Wenn sich da mal nicht ein Bestseller am Markt anbahnt: „Anna, Felix, das Haus und die Energie“, heißt das Buch. Es soll uns zeigen, „wie Energieeffizienz und Nachhaltigkeit zusammenhängen“. Nein, nicht uns, sondern Kindern im Grundschulalter, wie es in der Werbeschrift des „Detail“-Verlages heißt. Da werden die Kids wohl darauf gewartet haben. Es kommt gerade rechtzeitig. Jetzt, da Harry Potter Literaturgeschichte ist, wartet der Kinderbuchmarkt auf einen neuen Renner.
Gut, dass der Verlag „lustige Zeichnungen“ in Aussicht stellt, denn Respekt für das Ganze Thema soll ein „Ungeheuer“ einflößen, und das heißt in dem Buch „Klimakatastrophe“. Gut auch deshalb, weil der Untertitel vielleicht doch nicht jeden Steppke jubeln lassen wird, wenn das Büchlein unter dem Weihnachtsbaum liegt: „Eine kurze Geschichte über Energie, CO2 und Architektur“, lautet der. Das habe ich mir schon immer gewünscht, Danke Mami und Papi.
Und dann geht es auch schon los. In tödlichen Fluten untergegangene Häuser, Gerippe von vertrockneten Tierkadavern in der Wüste, ein süßer Hund, der nichts mehr zu trinken findet und dem vor Durst die Zunge aus dem Hals hängt, der
unvermeidliche verzweifelte Eisbär auf einsamer, schmelzender Scholle, an solchen „lustigen Zeichnungen“ – in der Anmutung banaler Witzzeichnungen aus den 50er-Jahre-Illustrierten – sollen sich die Kleinen aufrichten. „Ungeheuer Klimakatastrophe“, Weltuntergang pur, da kommt Begeisterung auf. Aber da kommt der edle Ritter und Architekt, und zeigt den Kleinen, wie man all dies verhindern kann, wenn er alles richtig gemacht hat. Klimaschutz, Nullenergie-Haus, Kinder, macht euch keine Sorgen! Textprobe: „Die tief stehende Sonne heizt das Haus durch die großen Glasscheiben auf. Auch Anna heizt das Haus mit ihrer Körpertemperatur. Mit der Dämmung ist es wie mit dem dicken Pullover von Felix, der keine Wärme nach draußen lässt. Ein Lüftungsgerät auf dem Dach tauscht alte gegen frische Luft aus, ohne dass Wärme aus dem Haus entweicht.“ Spannung pur.
Keine Frage, da hat der Fachmann gesprochen, der weiß, wie man die Fünfjährigen gleich mal vorbereitet auf den richtigen Kurs in der Klimaschutzdebatte. Dämmen bis es mieft? Oder kann man das vermeiden? Natürlich, Papi, da ist doch die Lüftung auf dem Dach, und es entweicht auch keine Wärme. „Mami, Mami, es hat gar nicht geschimmelt“, jubeln wir doch da alle gleich mit. Na also, geht doch. So besiegt man Ungeheuer.
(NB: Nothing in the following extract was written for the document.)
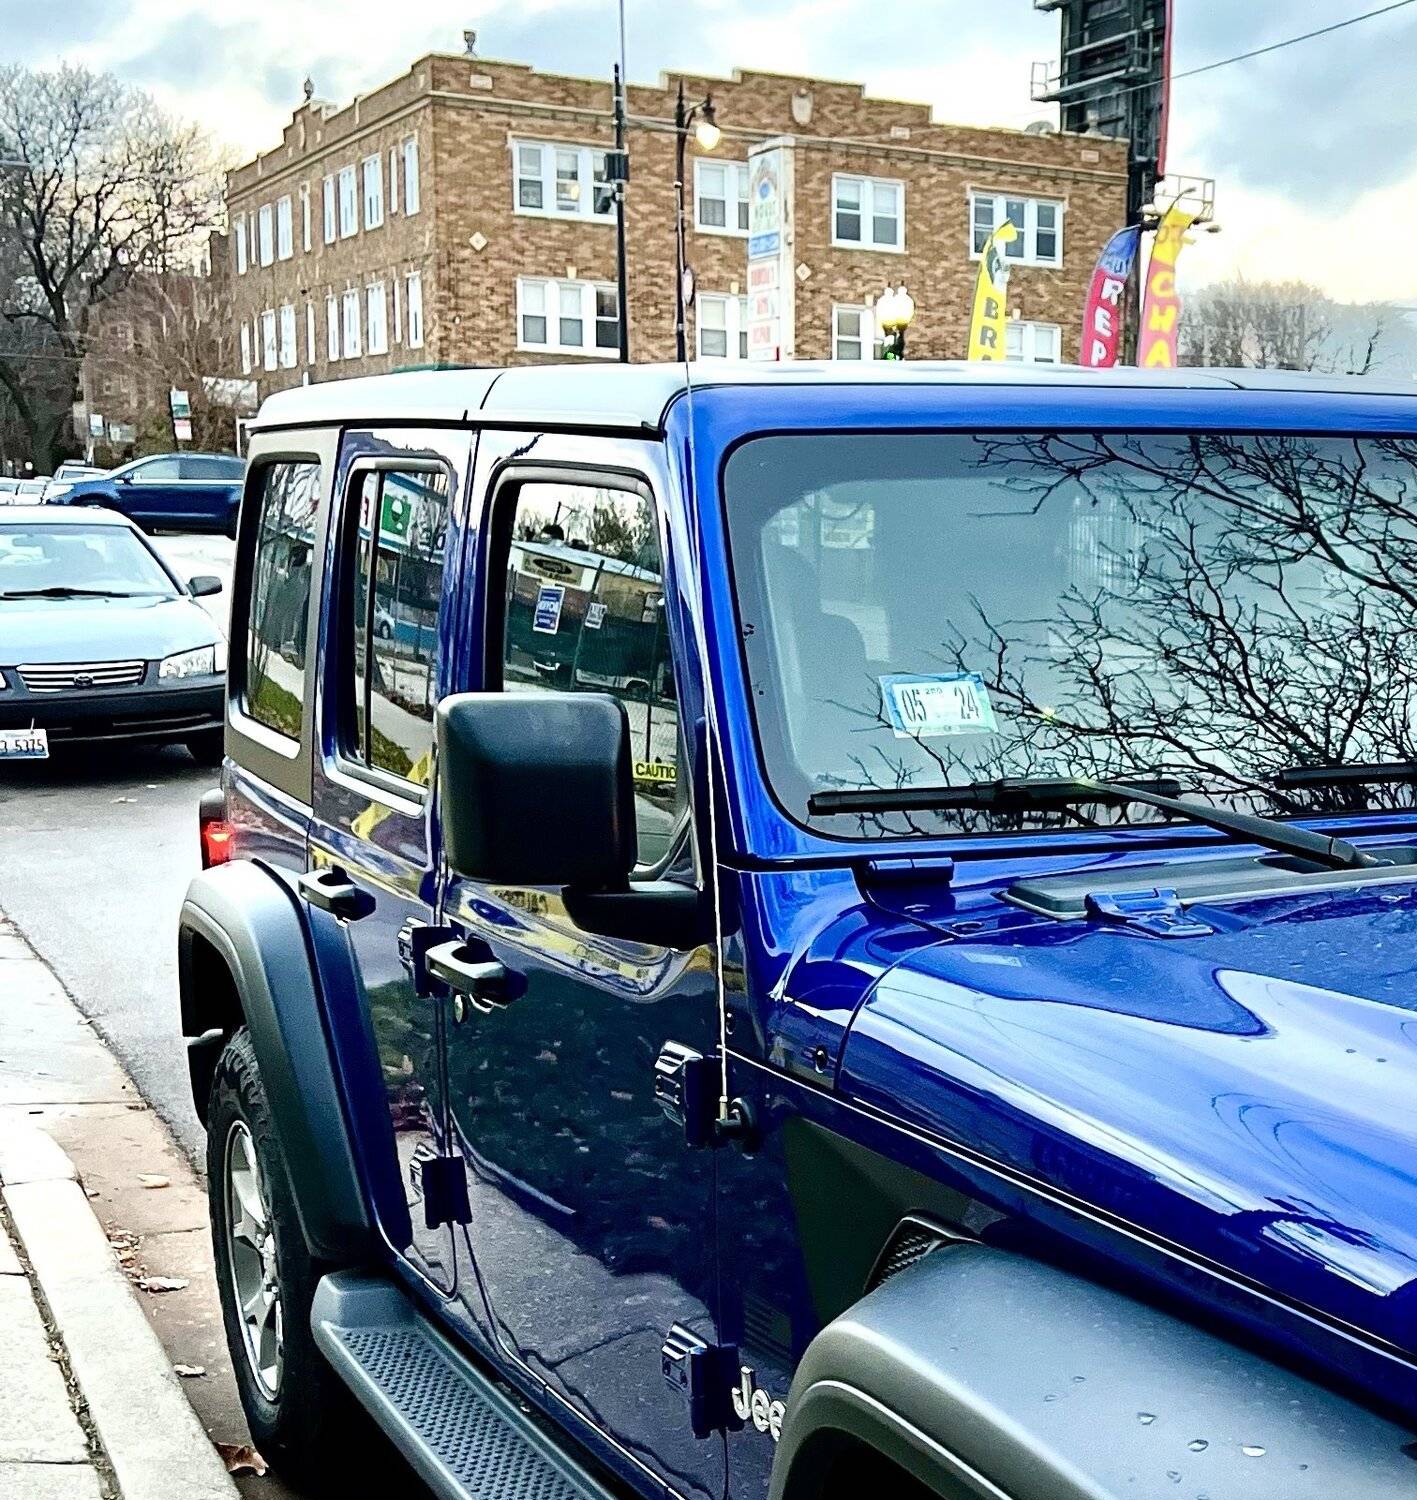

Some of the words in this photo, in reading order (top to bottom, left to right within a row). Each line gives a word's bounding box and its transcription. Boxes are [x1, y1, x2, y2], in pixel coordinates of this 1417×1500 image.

[1090, 278, 1125, 368] REP
[901, 689, 927, 722] 05
[954, 685, 981, 720] 24
Es ist – mal wieder – der klassische Fall. Wir kennen so etwas aus den verschiedenen Epochen der letzten Zeit. Der Kampf gegen das Böse für eine heile Welt, der die ganze Ideologie verpacken muss, mit der die Erwachsenen, die Buchautoren oder gar die Kultusbehörden zwar die Kinder beschenken, sich aber vor allem selbst zufrieden stellen und ihr Gewissen beruhigen wollen. Die Ideologie in dem Fall: die Klimakatastrophe, bei der die Kinder zum rechten Glauben herangezogen werden sollen, und zwar frühzeitig. Was man hat, hat man, ist die Devise.
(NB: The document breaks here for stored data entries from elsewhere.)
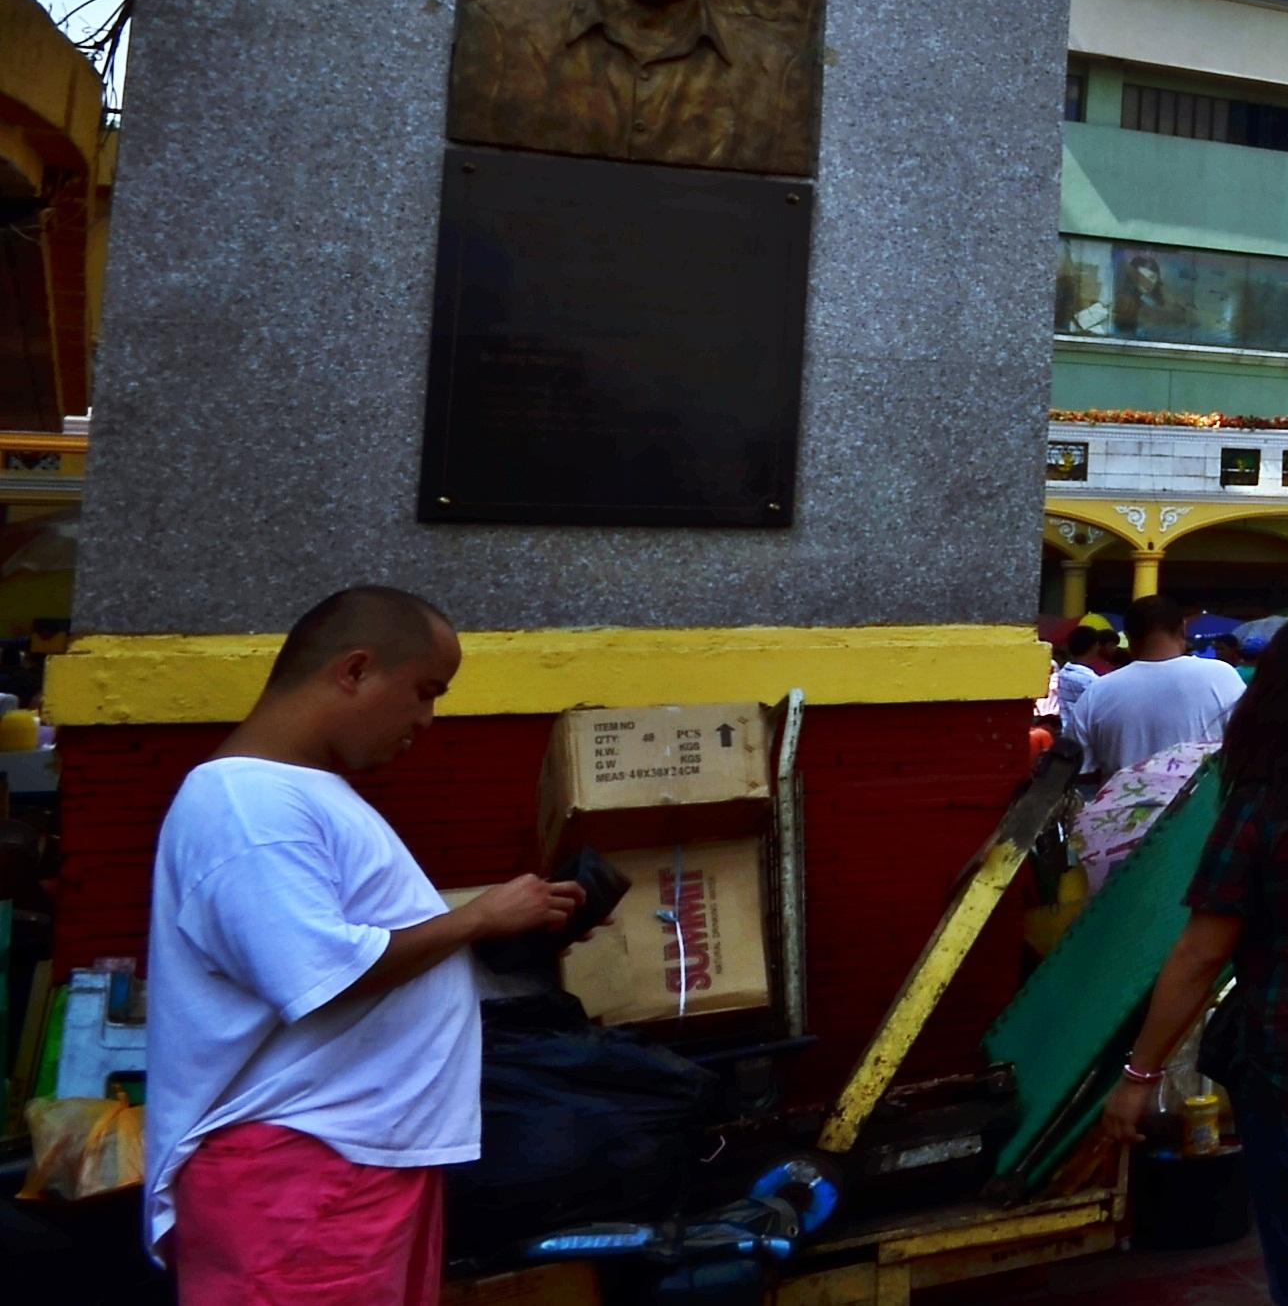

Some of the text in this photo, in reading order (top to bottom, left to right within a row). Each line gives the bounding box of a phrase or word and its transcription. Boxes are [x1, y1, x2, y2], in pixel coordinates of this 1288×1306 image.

[594, 722, 618, 732] ITEM
[677, 729, 702, 739] PCS
[679, 742, 700, 751] KGS
[680, 754, 702, 764] KGS
[658, 869, 713, 993] SUMMIT
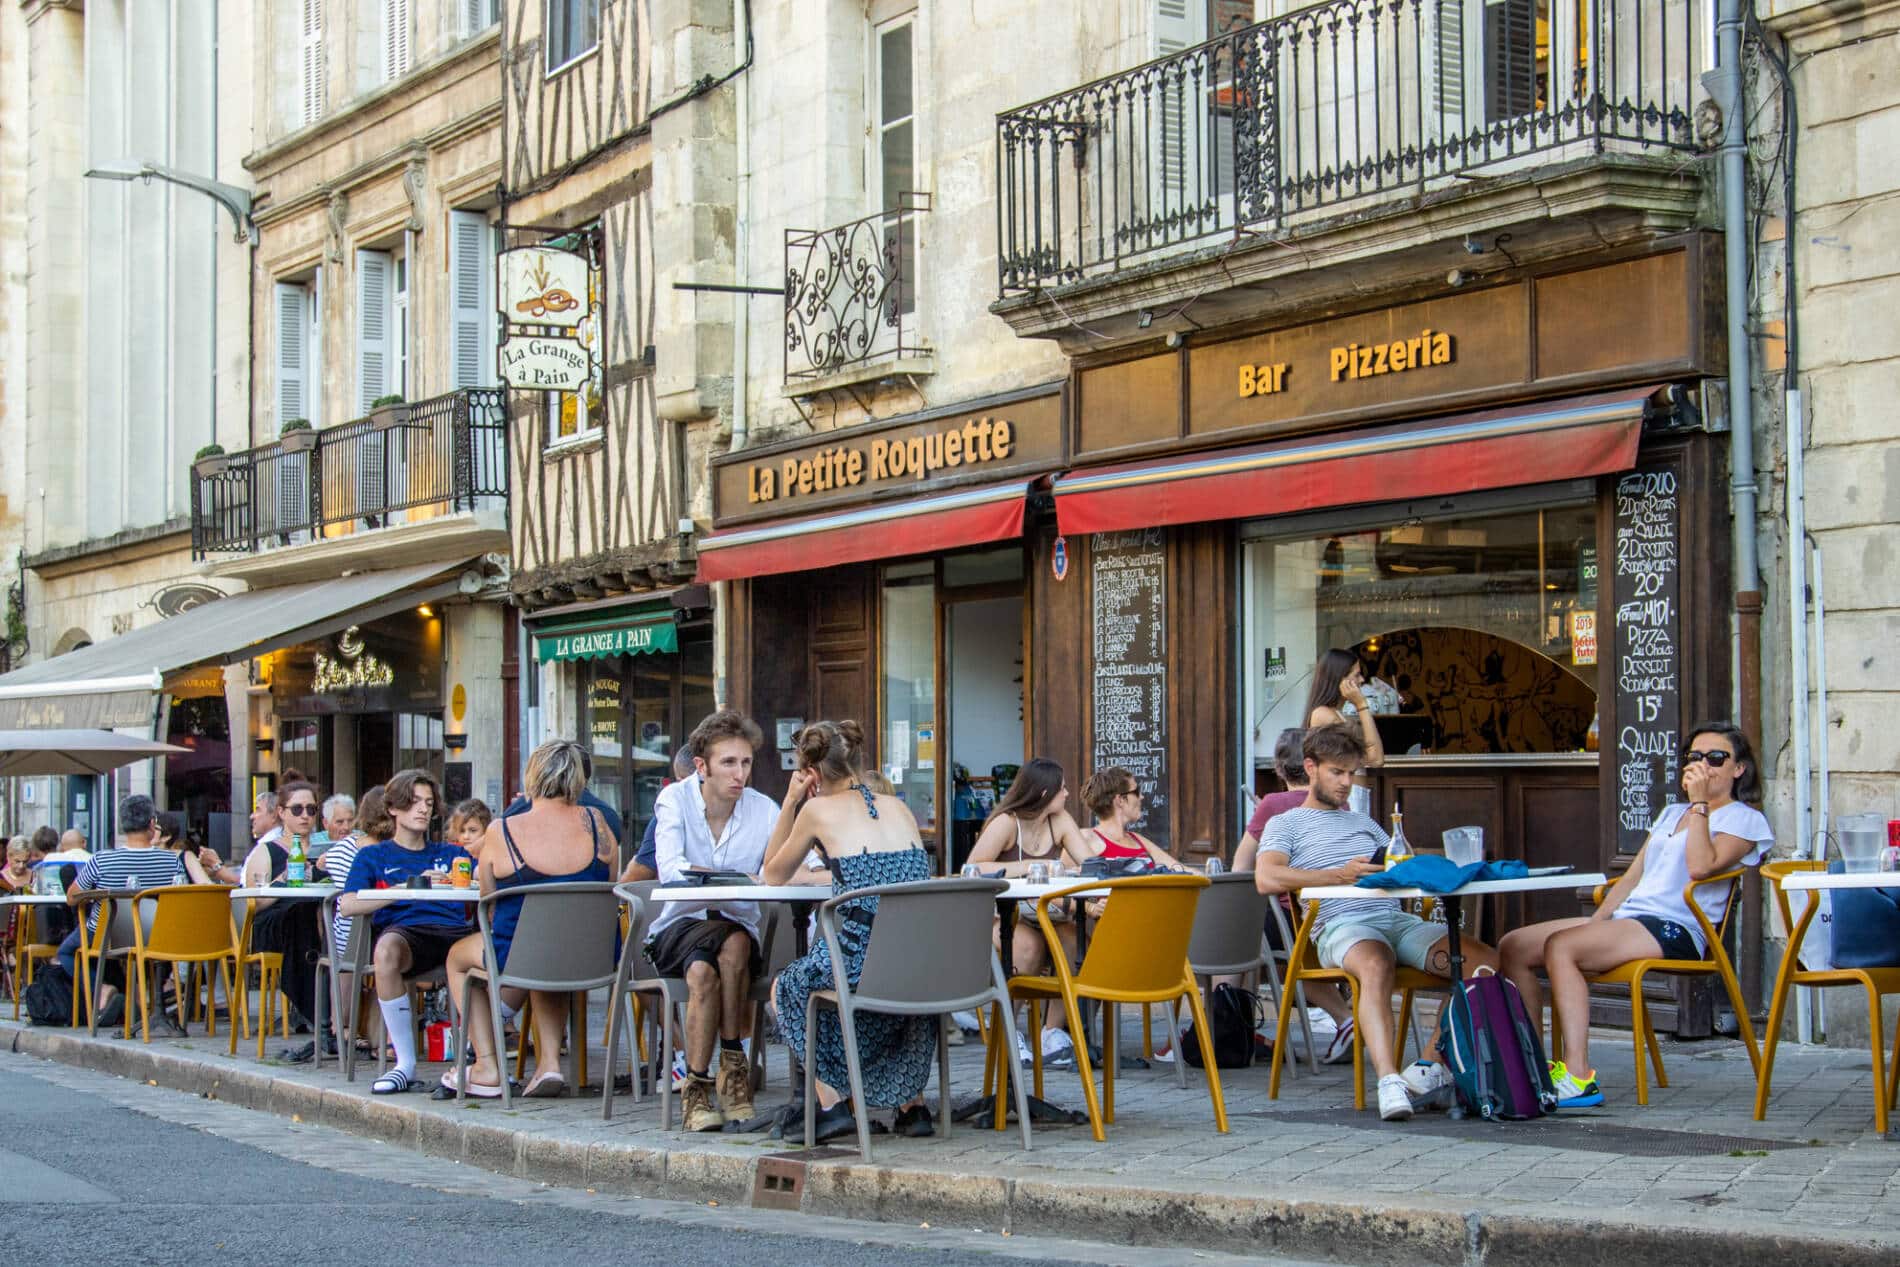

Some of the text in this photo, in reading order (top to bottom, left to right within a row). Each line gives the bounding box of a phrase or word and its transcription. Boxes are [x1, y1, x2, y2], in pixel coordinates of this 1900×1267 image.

[505, 340, 584, 368] La Grange
[1239, 328, 1450, 398] Bar Pizzeria
[519, 364, 569, 385] à Pain
[748, 416, 1010, 503] La Petite Roquette
[1644, 471, 1676, 497] DUO
[1619, 496, 1628, 516] 2
[1618, 538, 1628, 558] 2
[1642, 597, 1669, 626] MIDI
[556, 628, 652, 656] LA GRANGE A PAIN
[1628, 625, 1670, 645] PIZZA
[1623, 656, 1672, 675] DESSERT
[595, 680, 621, 693] NOUGAT
[1621, 726, 1675, 758] SALADE
Ganz abgesehen davon, dass der Fachverlag für Architektur damit gehörige Lobbyarbeit für sein eigenes Geschäft leistet.
Es wird nicht aufgehen. Kinder können vor allem eines nicht leiden: Bücher, mit denen ihnen etwas untergejubelt werden soll. Schulbücher zählen nicht unbedingt zu ihrer Lieblingslektüre. Schriften mit verstecktem oder auch nur oberflächlich kaschiertem pädagogische Impetus prallen an ihnen schlicht ab. Viele Gutmeinende und Gutmenschen haben sich schon die Finger wund geschrieben für gute Sachen und sind bei den Kleinen einfach abgeblitzt.
Eines macht Hoffnung: Die Wahrscheinlichkeit ist groß, dass solche triefenden Schriften langfristig eher den kritischen Geist bei ihnen fördern.